Records supplied
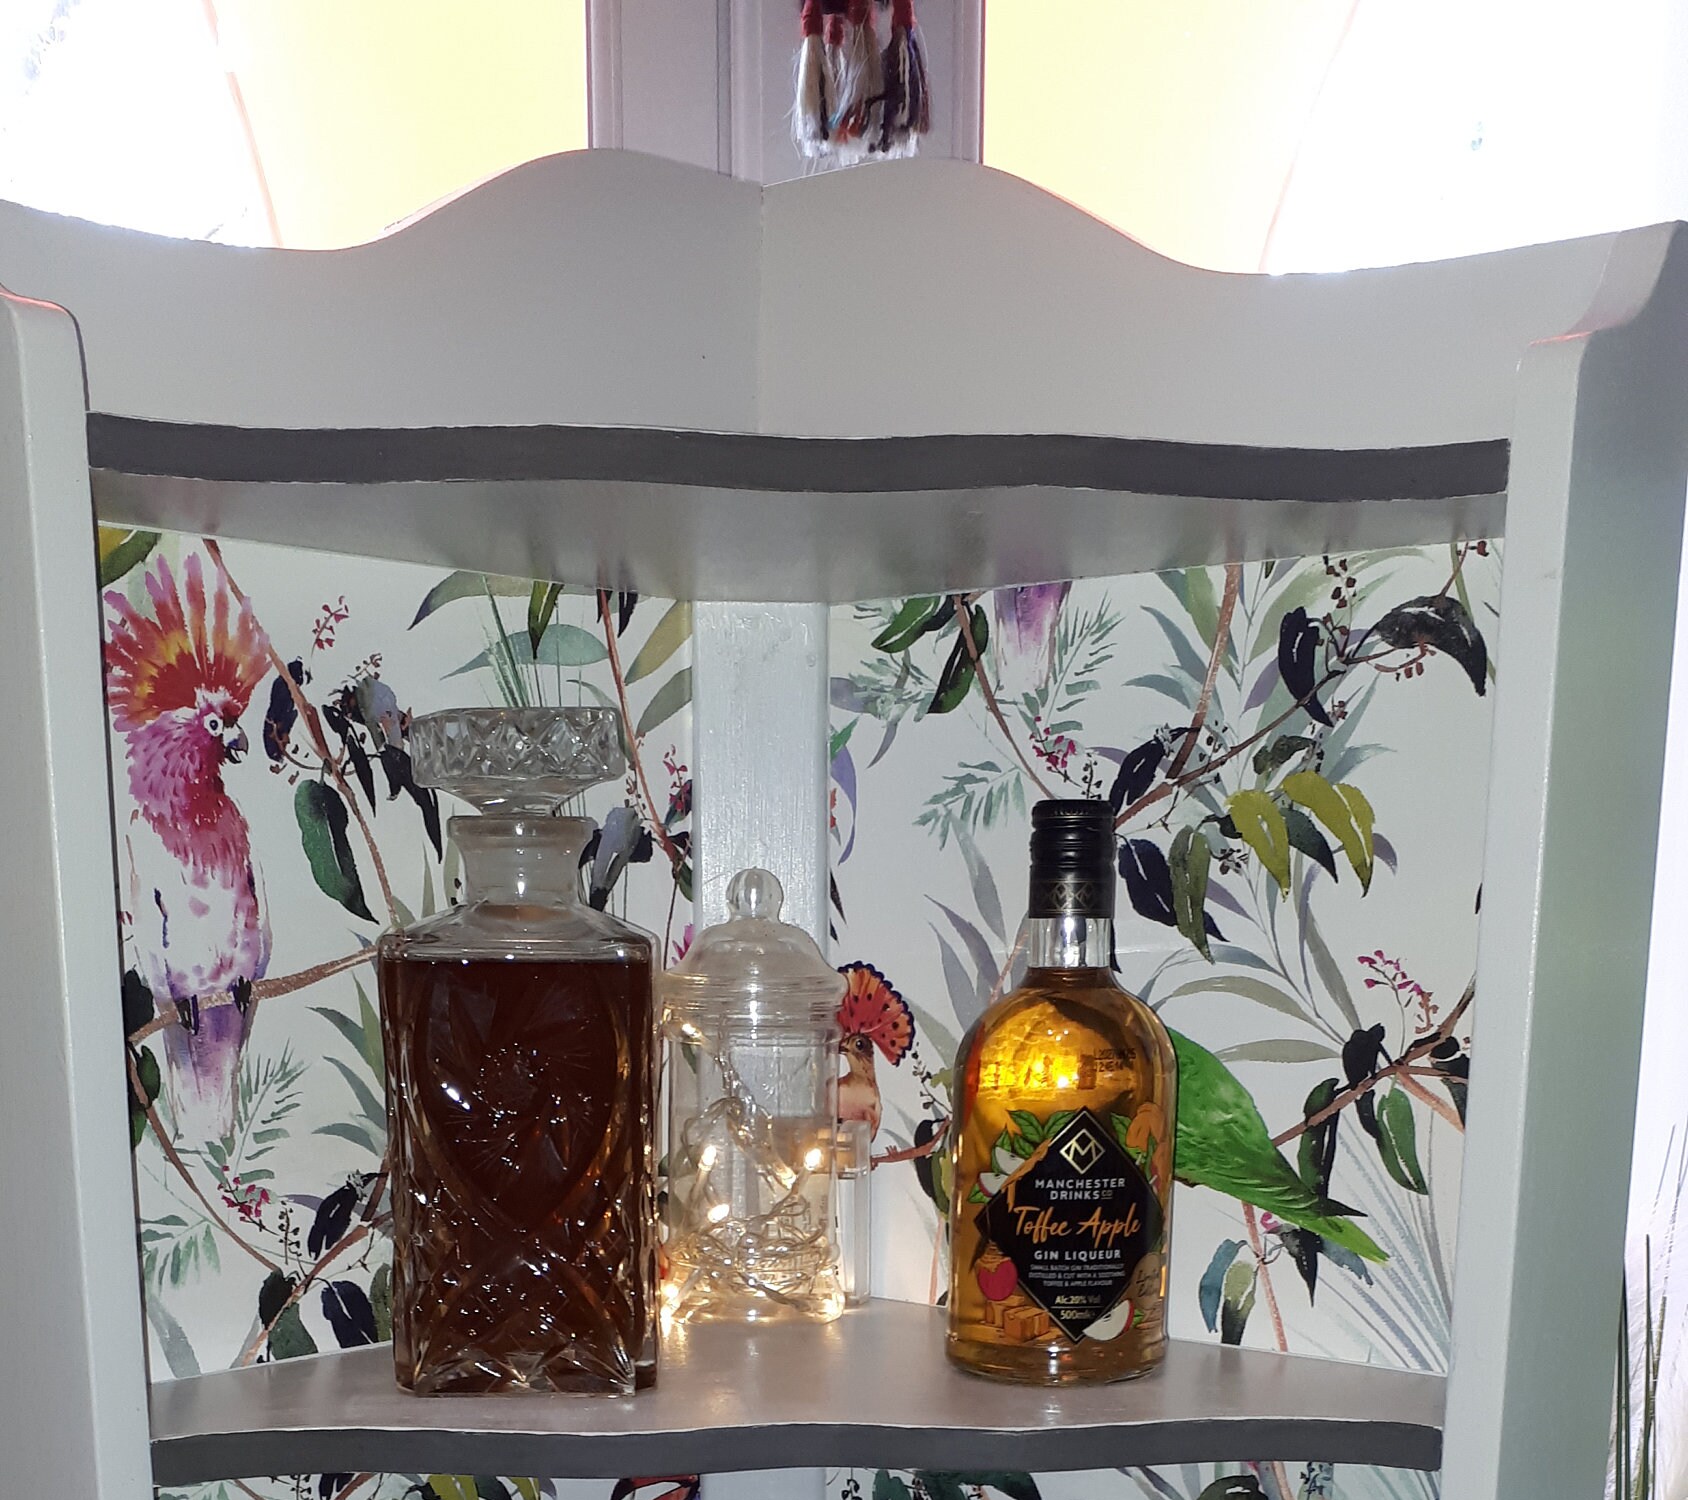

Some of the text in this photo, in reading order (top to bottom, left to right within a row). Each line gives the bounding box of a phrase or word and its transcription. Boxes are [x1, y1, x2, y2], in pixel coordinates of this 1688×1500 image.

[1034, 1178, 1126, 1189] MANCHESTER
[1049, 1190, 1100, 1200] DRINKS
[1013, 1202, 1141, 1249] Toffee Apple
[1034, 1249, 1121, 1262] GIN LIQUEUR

Try it
Would you return the whole listing above exactly as written, skipping any image?

Response box
Some of the text in this photo, in reading order (top to bottom, left to right within a row). Each line gives the bounding box of a phrase or word and its transcription. Boxes are [x1, y1, x2, y2], in pixel coordinates of this 1688×1500 image.

[1034, 1178, 1126, 1189] MANCHESTER
[1049, 1190, 1100, 1200] DRINKS
[1013, 1202, 1141, 1249] Toffee Apple
[1034, 1249, 1121, 1262] GIN LIQUEUR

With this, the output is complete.